*** WORKING DATA ***

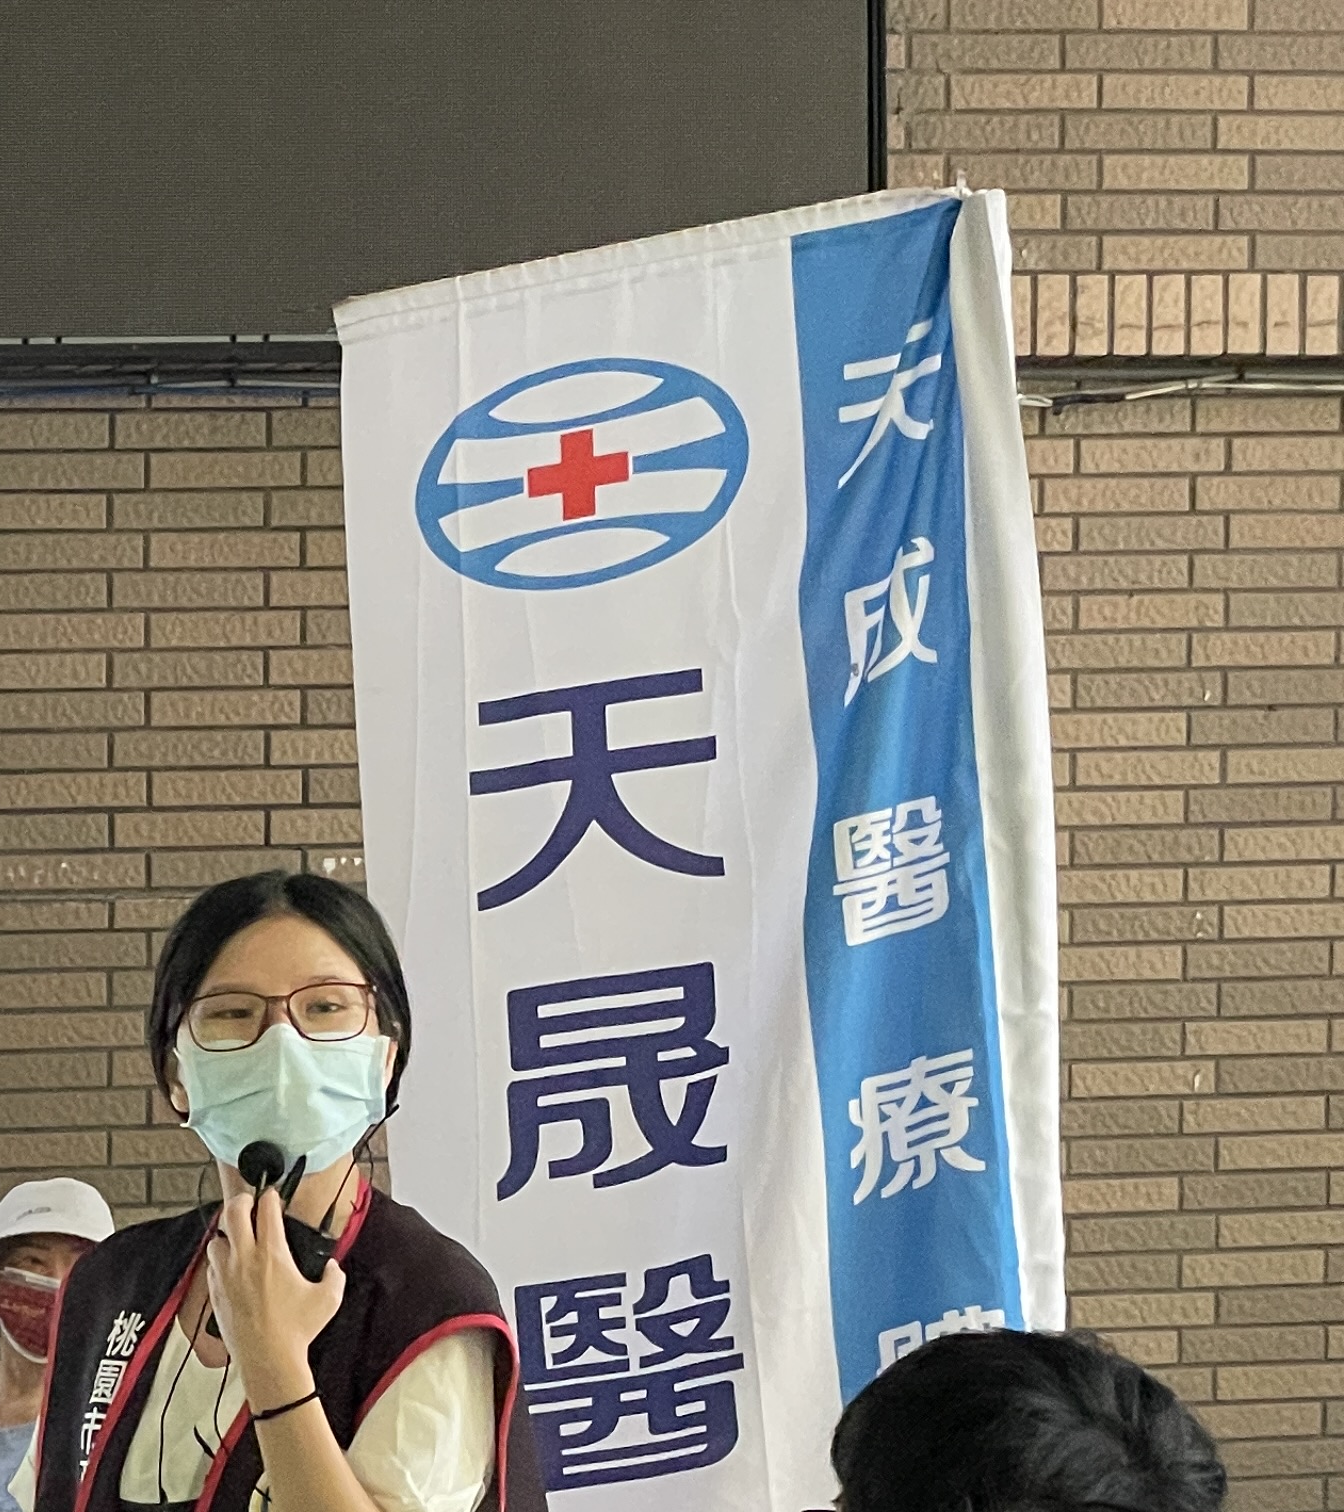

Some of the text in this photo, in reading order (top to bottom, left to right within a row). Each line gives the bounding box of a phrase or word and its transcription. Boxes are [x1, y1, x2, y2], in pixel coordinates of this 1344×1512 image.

[833, 320, 1005, 1376] 天成醫療
[80, 1310, 145, 1483] 桃園市
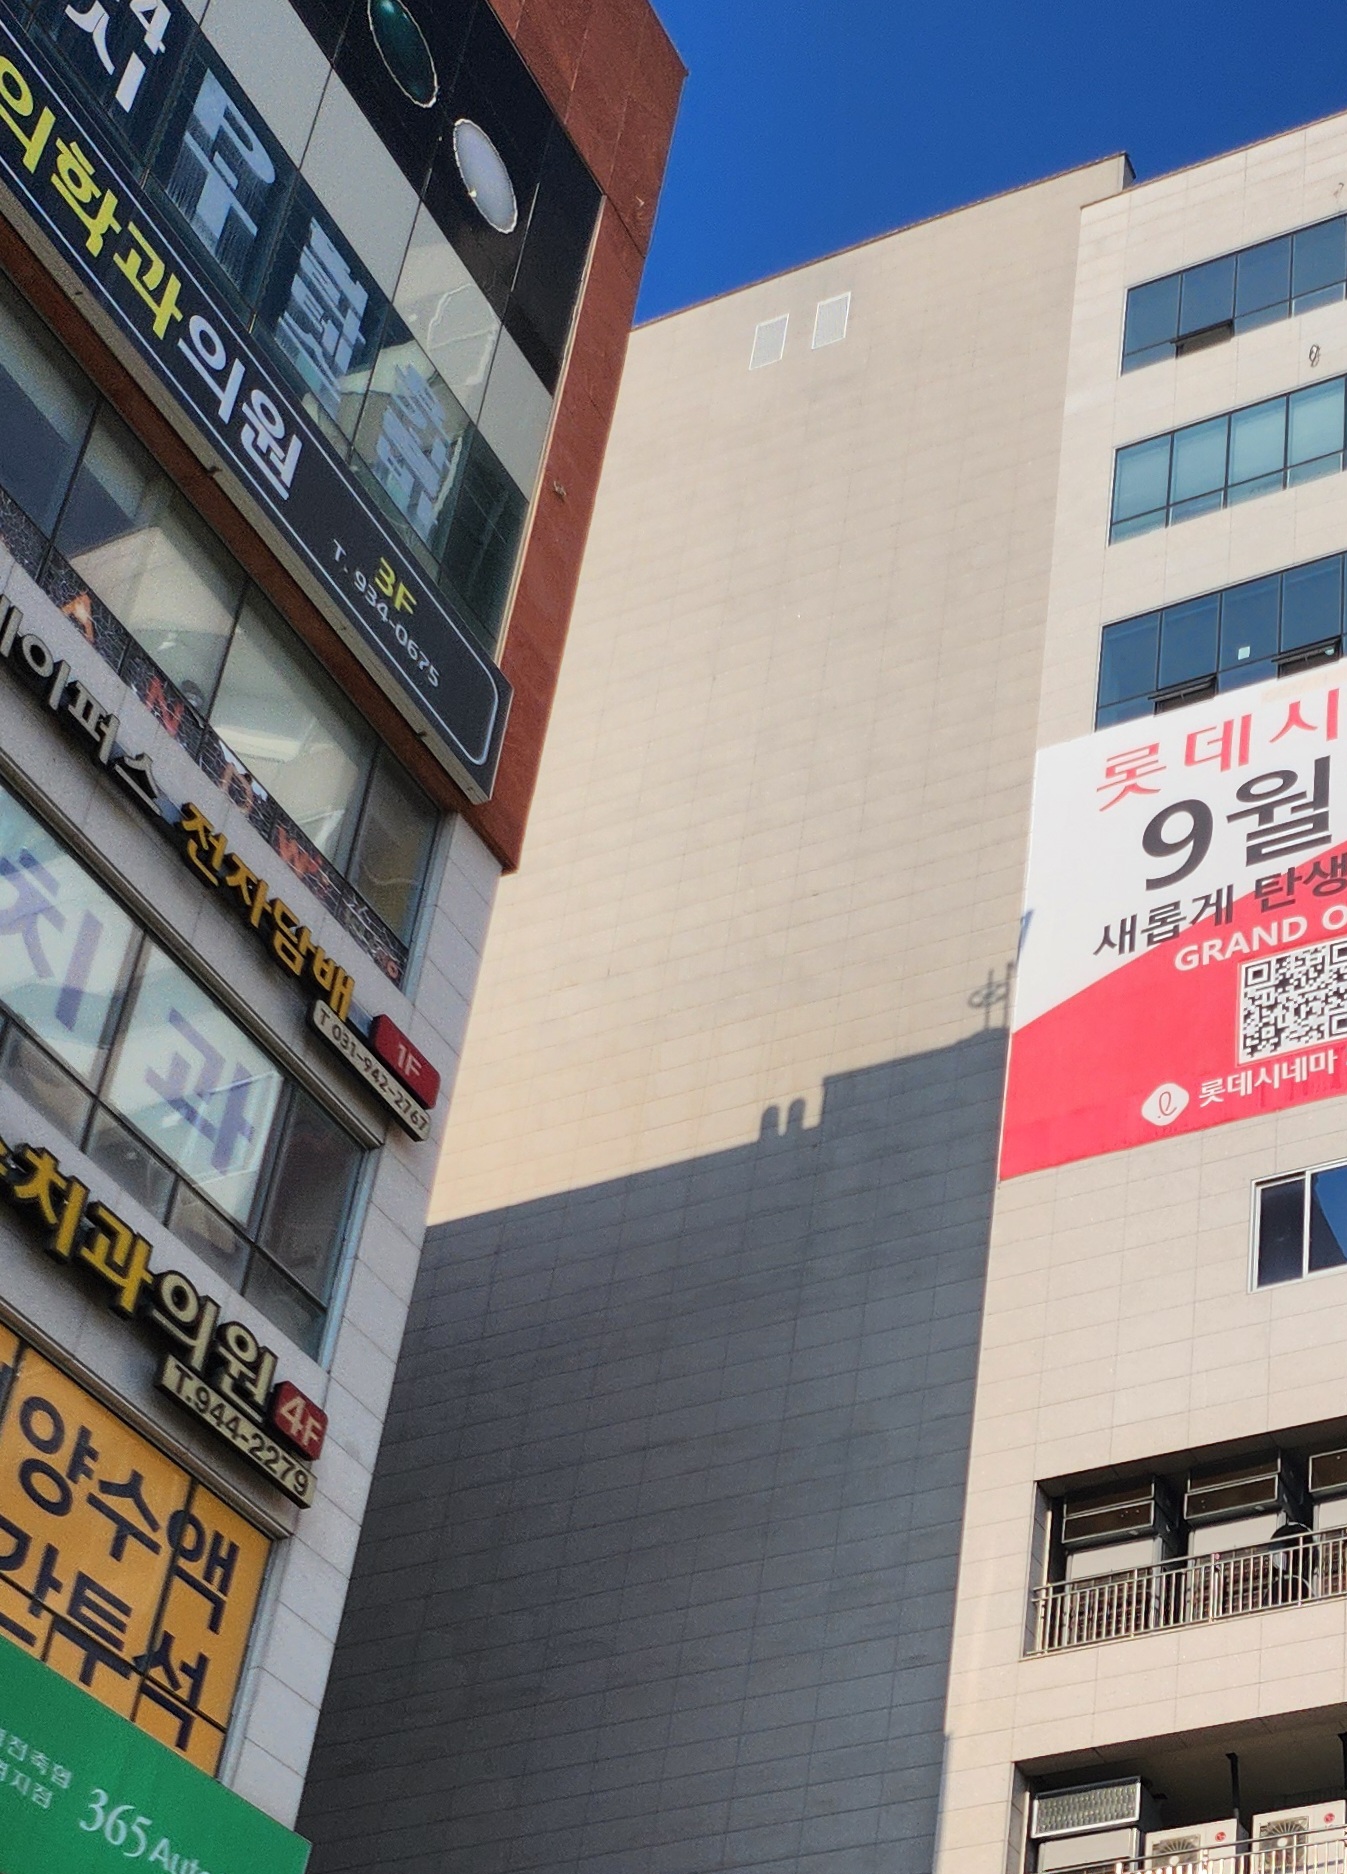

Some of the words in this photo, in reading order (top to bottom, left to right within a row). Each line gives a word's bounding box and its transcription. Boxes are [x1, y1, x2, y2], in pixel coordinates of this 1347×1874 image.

[374, 557, 417, 615] 3F
[353, 569, 441, 688] 934-0675
[180, 802, 356, 1022] 전자담배
[1093, 884, 1234, 958] 새롭게
[1174, 914, 1308, 972] GRAND
[318, 1010, 333, 1030] T
[331, 1023, 431, 1135] 031-942-2767
[397, 1044, 423, 1080] 1F
[1199, 1048, 1338, 1108] 롯데시네마
[0, 1117, 281, 1425] 치과의원
[280, 1393, 322, 1449] 4F
[79, 1787, 153, 1860] 365
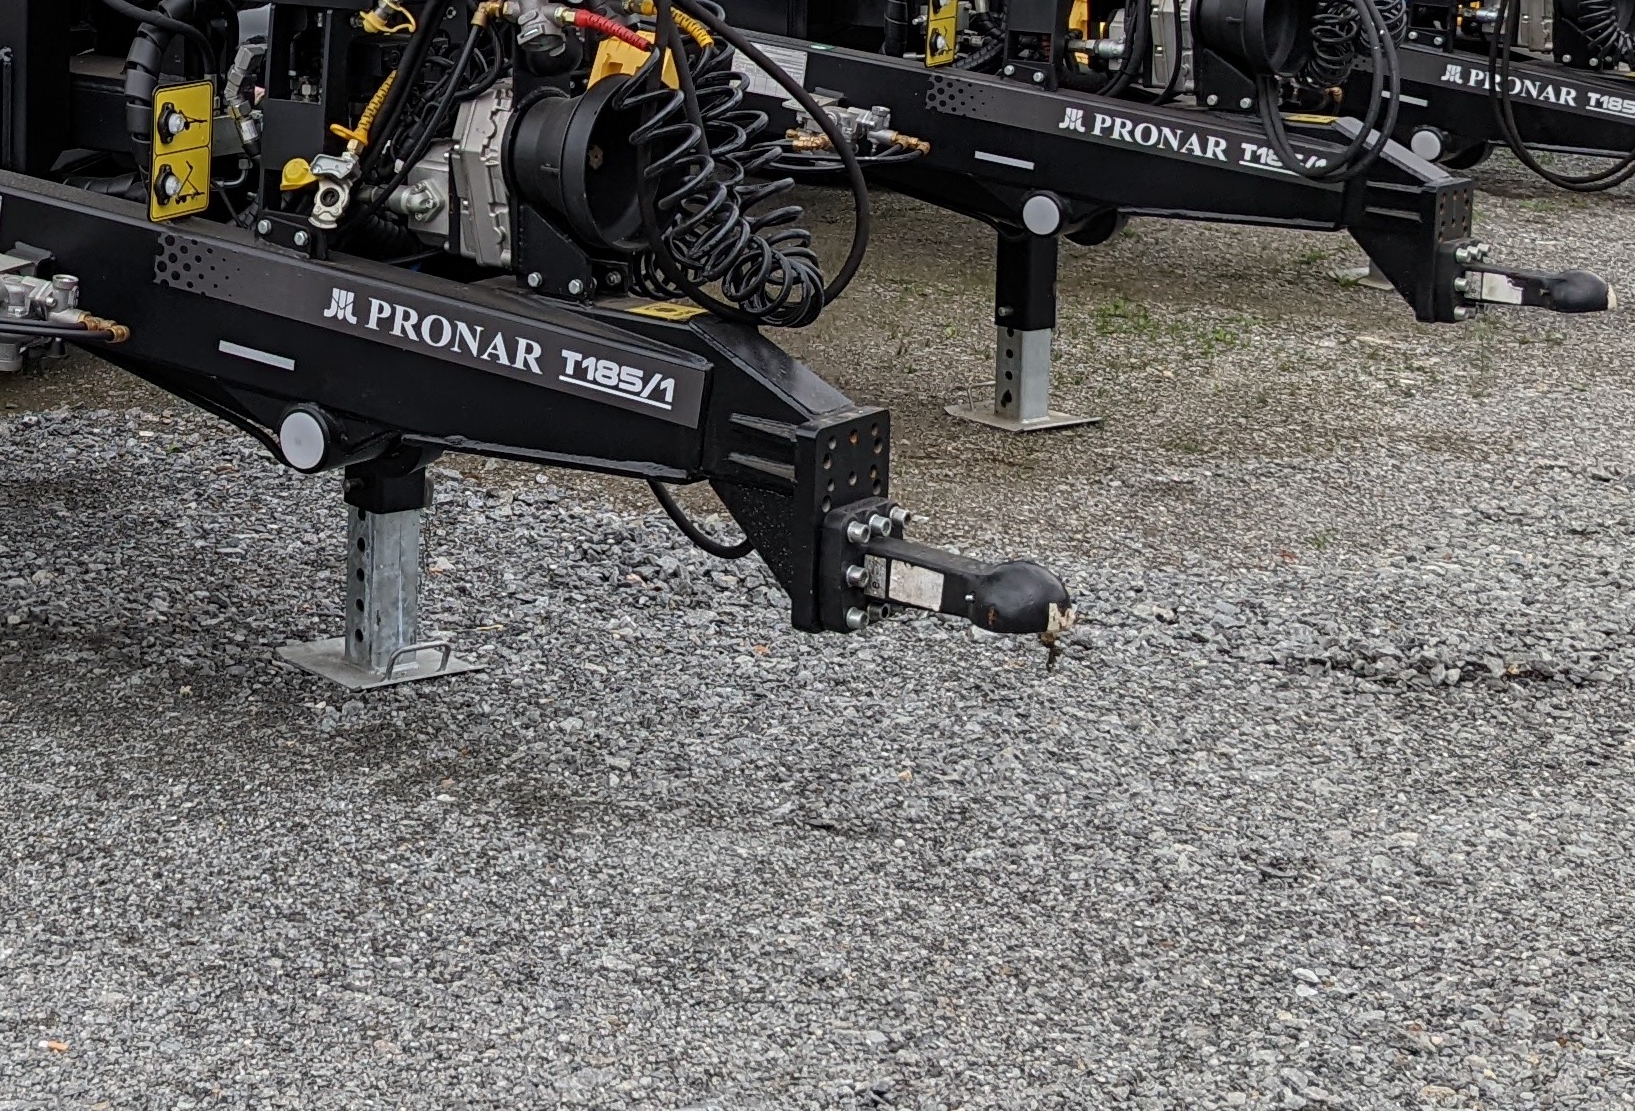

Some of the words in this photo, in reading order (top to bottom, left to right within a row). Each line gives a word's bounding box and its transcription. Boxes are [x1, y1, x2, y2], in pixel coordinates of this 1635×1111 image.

[1467, 68, 1577, 107] PRONAR
[1091, 112, 1228, 161] PRONAR
[1240, 142, 1328, 169] T18/
[364, 297, 543, 375] PRONAR
[561, 349, 676, 403] T185/1
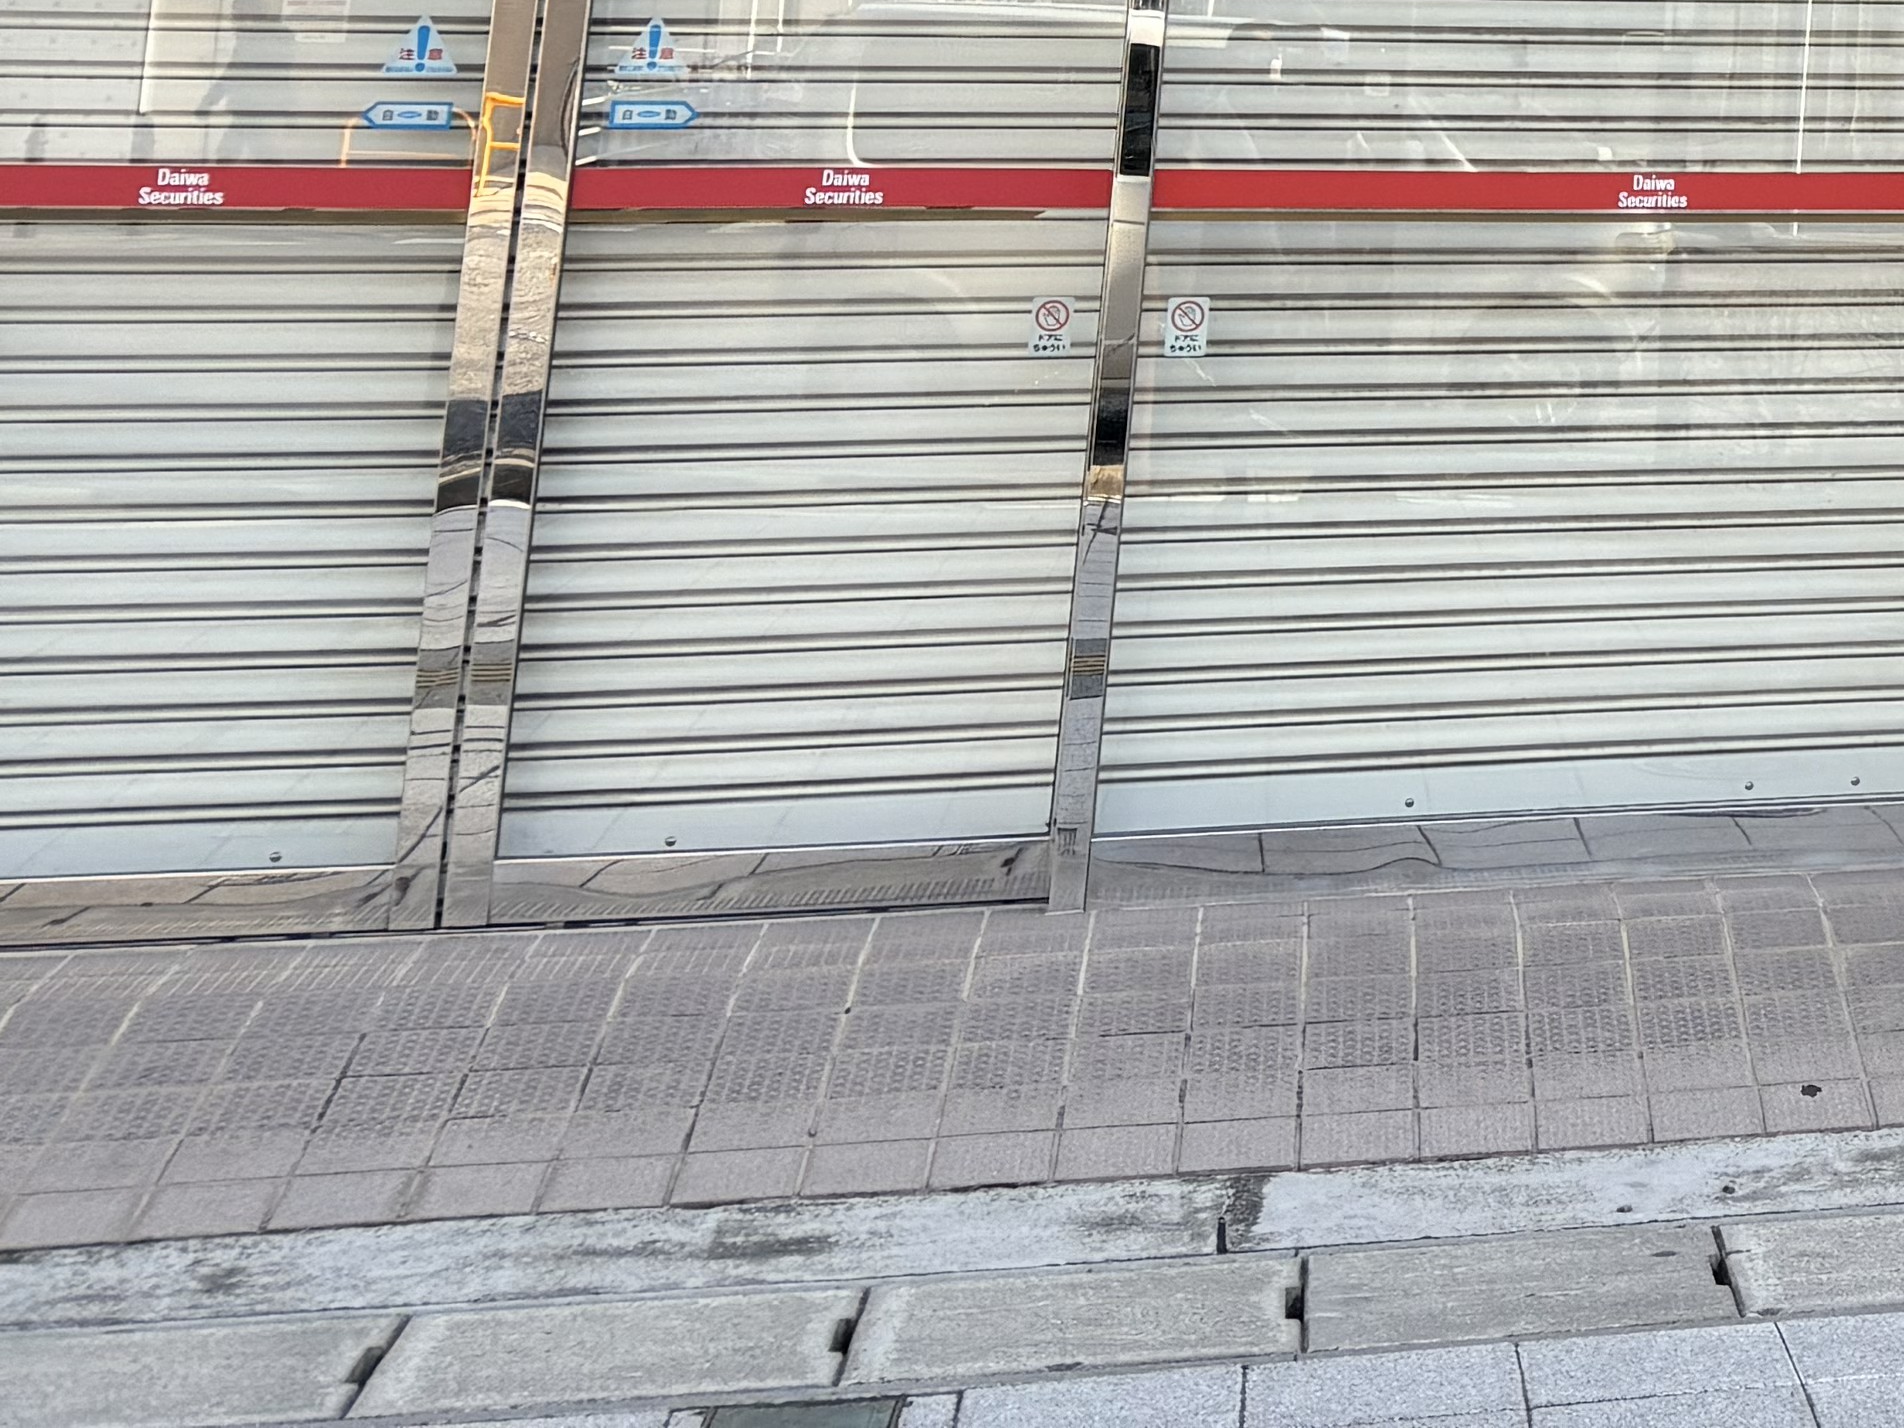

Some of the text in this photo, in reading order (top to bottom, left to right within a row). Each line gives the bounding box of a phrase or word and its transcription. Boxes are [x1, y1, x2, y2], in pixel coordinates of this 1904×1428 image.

[157, 168, 210, 188] Daiwa
[822, 169, 870, 188] Daiwa
[1633, 174, 1675, 191] Daiwa
[138, 186, 225, 206] Securities
[803, 186, 884, 206] Securities
[1617, 191, 1689, 208] Securities

*** End of WORKING DATA ***

Could you print all of the entries exactly, skipping the images?

Some of the text in this photo, in reading order (top to bottom, left to right within a row). Each line gives the bounding box of a phrase or word and its transcription. Boxes are [x1, y1, x2, y2], in pixel coordinates of this 1344×1512 image.

[833, 320, 1005, 1376] 天成醫療
[80, 1310, 145, 1483] 桃園市

Some of the words in this photo, in reading order (top to bottom, left to right within a row). Each line gives a word's bounding box and its transcription. Boxes are [x1, y1, x2, y2], in pixel coordinates of this 1347×1874 image.

[374, 557, 417, 615] 3F
[353, 569, 441, 688] 934-0675
[180, 802, 356, 1022] 전자담배
[1093, 884, 1234, 958] 새롭게
[1174, 914, 1308, 972] GRAND
[318, 1010, 333, 1030] T
[331, 1023, 431, 1135] 031-942-2767
[397, 1044, 423, 1080] 1F
[1199, 1048, 1338, 1108] 롯데시네마
[0, 1117, 281, 1425] 치과의원
[280, 1393, 322, 1449] 4F
[79, 1787, 153, 1860] 365

Some of the words in this photo, in reading order (top to bottom, left to right within a row). Each line gives a word's bounding box and its transcription. Boxes are [x1, y1, x2, y2], in pixel coordinates of this 1635×1111 image.

[1467, 68, 1577, 107] PRONAR
[1091, 112, 1228, 161] PRONAR
[1240, 142, 1328, 169] T18/
[364, 297, 543, 375] PRONAR
[561, 349, 676, 403] T185/1

Some of the text in this photo, in reading order (top to bottom, left to right within a row). Each line gives the bounding box of a phrase or word and its transcription. Boxes are [x1, y1, x2, y2], in pixel coordinates of this 1904×1428 image.

[157, 168, 210, 188] Daiwa
[822, 169, 870, 188] Daiwa
[1633, 174, 1675, 191] Daiwa
[138, 186, 225, 206] Securities
[803, 186, 884, 206] Securities
[1617, 191, 1689, 208] Securities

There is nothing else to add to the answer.